__Data__:

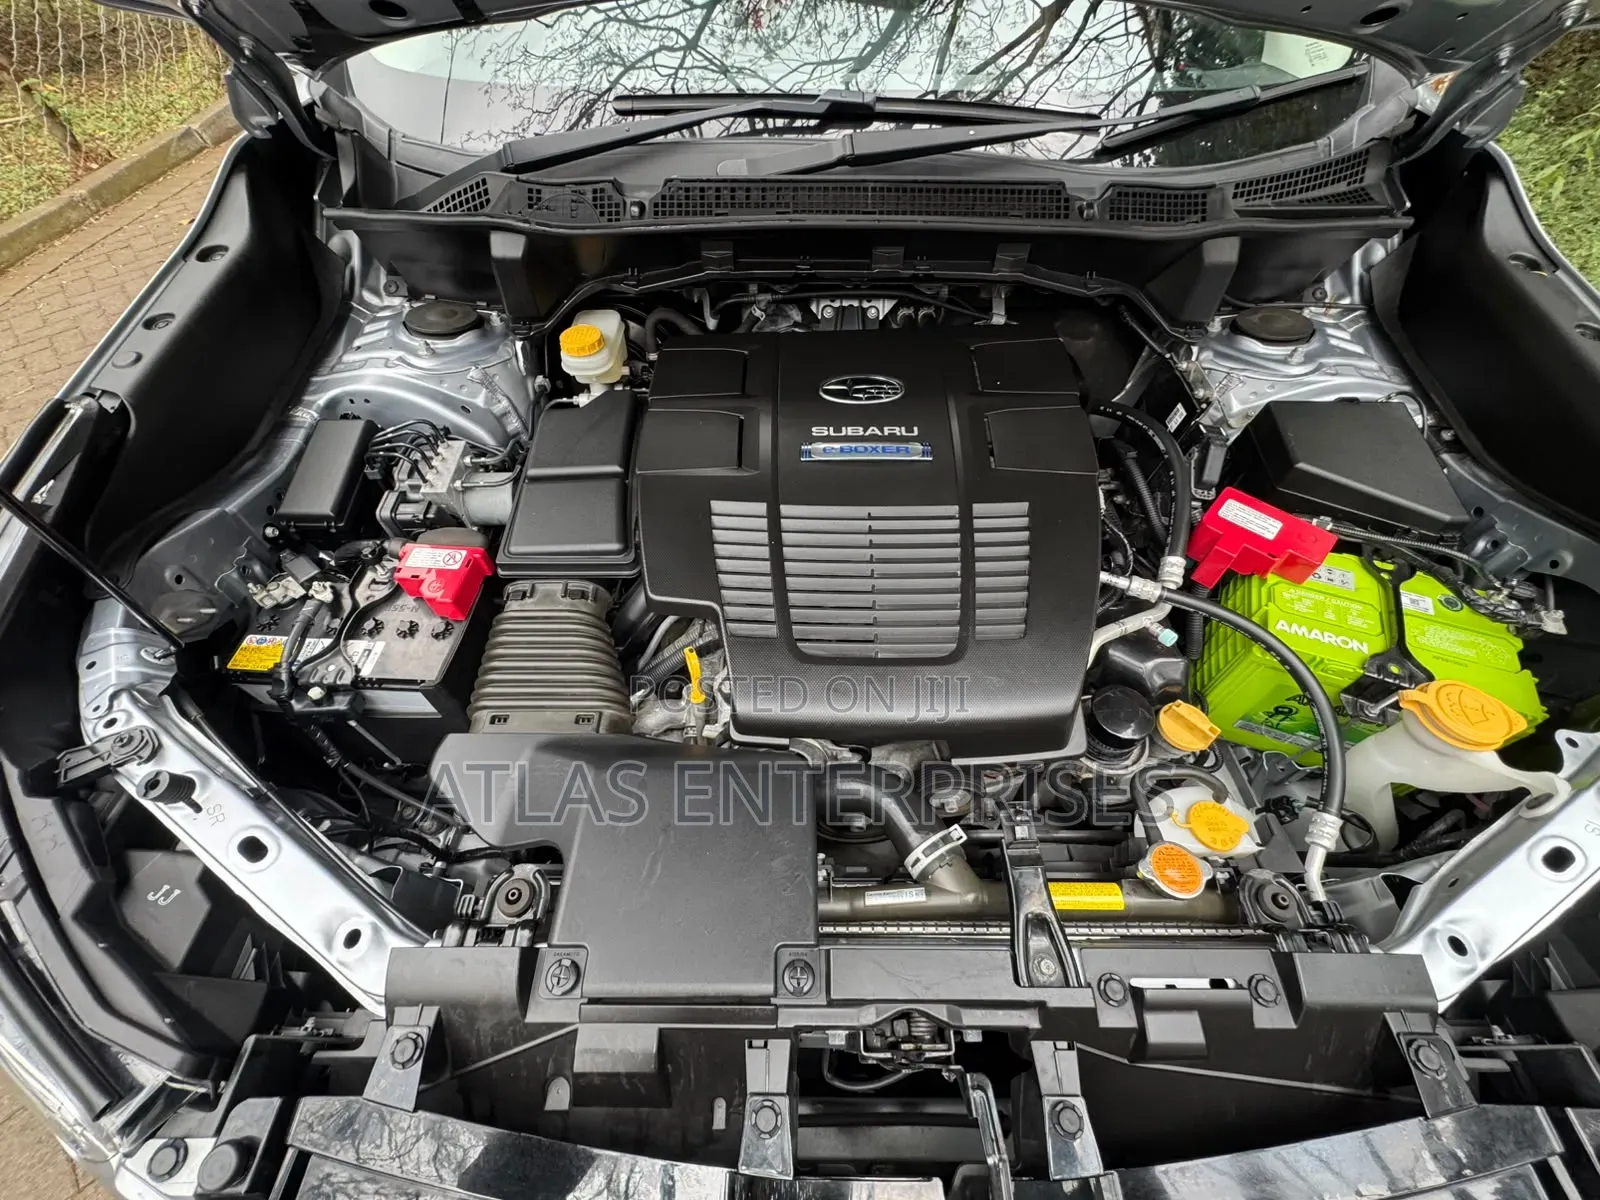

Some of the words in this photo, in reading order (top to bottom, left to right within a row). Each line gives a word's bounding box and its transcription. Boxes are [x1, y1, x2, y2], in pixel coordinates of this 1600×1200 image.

[811, 426, 919, 437] SUBARU
[822, 445, 912, 454] e-BOXER
[1275, 619, 1369, 654] AMARON
[206, 803, 226, 827] SR

__Activity__:
Whenever images occur above, omit them and retype each line exactly as it stands.

__Answer__:
Some of the words in this photo, in reading order (top to bottom, left to right within a row). Each line gives a word's bounding box and its transcription. Boxes are [x1, y1, x2, y2], in pixel coordinates of this 1600×1200 image.

[811, 426, 919, 437] SUBARU
[822, 445, 912, 454] e-BOXER
[1275, 619, 1369, 654] AMARON
[206, 803, 226, 827] SR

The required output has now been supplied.